28th Mayor of Saint John, New Brunswick
- In office 1877–1879
- Preceded by: A. Chipman Smith
- Succeeded by: Charles R. Ray

Personal details
- Born: August 7, 1822 Kingston, New Brunswick
- Died: April 1, 1888 (aged 65) Saint John, New Brunswick

= Sylvester Zobieski Earle =

Canadian mayor (1822–1888)

Sylvester Zobieski Earle (August 7, 1822 - March 1, 1888) was a physician and political figure in New Brunswick, Canada. He was mayor of Saint John, New Brunswick in 1877 and 1878.

== Biography ==
He was born in Kingston, New Brunswick, the son of Sylvester Zobieski Earle and Maria Hughson, and studied medicine at the University of the City of New York.
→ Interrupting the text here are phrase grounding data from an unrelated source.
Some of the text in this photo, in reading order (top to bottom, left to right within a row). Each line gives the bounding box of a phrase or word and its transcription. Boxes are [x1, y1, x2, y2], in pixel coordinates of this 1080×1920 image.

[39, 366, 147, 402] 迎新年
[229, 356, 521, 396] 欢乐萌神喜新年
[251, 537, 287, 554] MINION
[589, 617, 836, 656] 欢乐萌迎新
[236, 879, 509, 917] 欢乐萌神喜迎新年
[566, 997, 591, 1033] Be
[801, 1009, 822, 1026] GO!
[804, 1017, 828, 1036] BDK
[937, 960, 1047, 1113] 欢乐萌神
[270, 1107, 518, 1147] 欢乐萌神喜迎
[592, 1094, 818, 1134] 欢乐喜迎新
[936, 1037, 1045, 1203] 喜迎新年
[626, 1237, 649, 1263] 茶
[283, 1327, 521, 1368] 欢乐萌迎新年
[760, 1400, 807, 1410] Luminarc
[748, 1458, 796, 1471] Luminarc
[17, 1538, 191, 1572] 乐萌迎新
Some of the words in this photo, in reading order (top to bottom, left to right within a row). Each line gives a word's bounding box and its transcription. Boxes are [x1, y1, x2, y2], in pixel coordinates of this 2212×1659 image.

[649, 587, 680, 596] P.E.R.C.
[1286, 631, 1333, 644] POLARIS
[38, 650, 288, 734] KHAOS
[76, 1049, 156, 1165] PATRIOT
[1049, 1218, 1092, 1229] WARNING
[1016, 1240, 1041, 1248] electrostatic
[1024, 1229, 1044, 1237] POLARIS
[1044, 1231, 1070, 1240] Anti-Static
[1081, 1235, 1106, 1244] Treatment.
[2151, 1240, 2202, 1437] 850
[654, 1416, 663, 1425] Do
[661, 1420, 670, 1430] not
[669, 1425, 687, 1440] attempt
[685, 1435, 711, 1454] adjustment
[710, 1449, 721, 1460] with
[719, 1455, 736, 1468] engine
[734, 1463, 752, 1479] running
In 1845, Earle returned to New Brunswick and joined his father in practice at Hampton. In 1847, he married Catherine McGill Otty, the sister of judge George Otty. In 1857, he was named county coroner. He also served as commissioned surgeon in the local militia with the 62nd Saint John Fusiliers, serving with the Fenian Raids in 1866. Earle helped lead the reconstruction efforts following the great fire in Saint John in June 1877. He died in Saint John at the age of 65.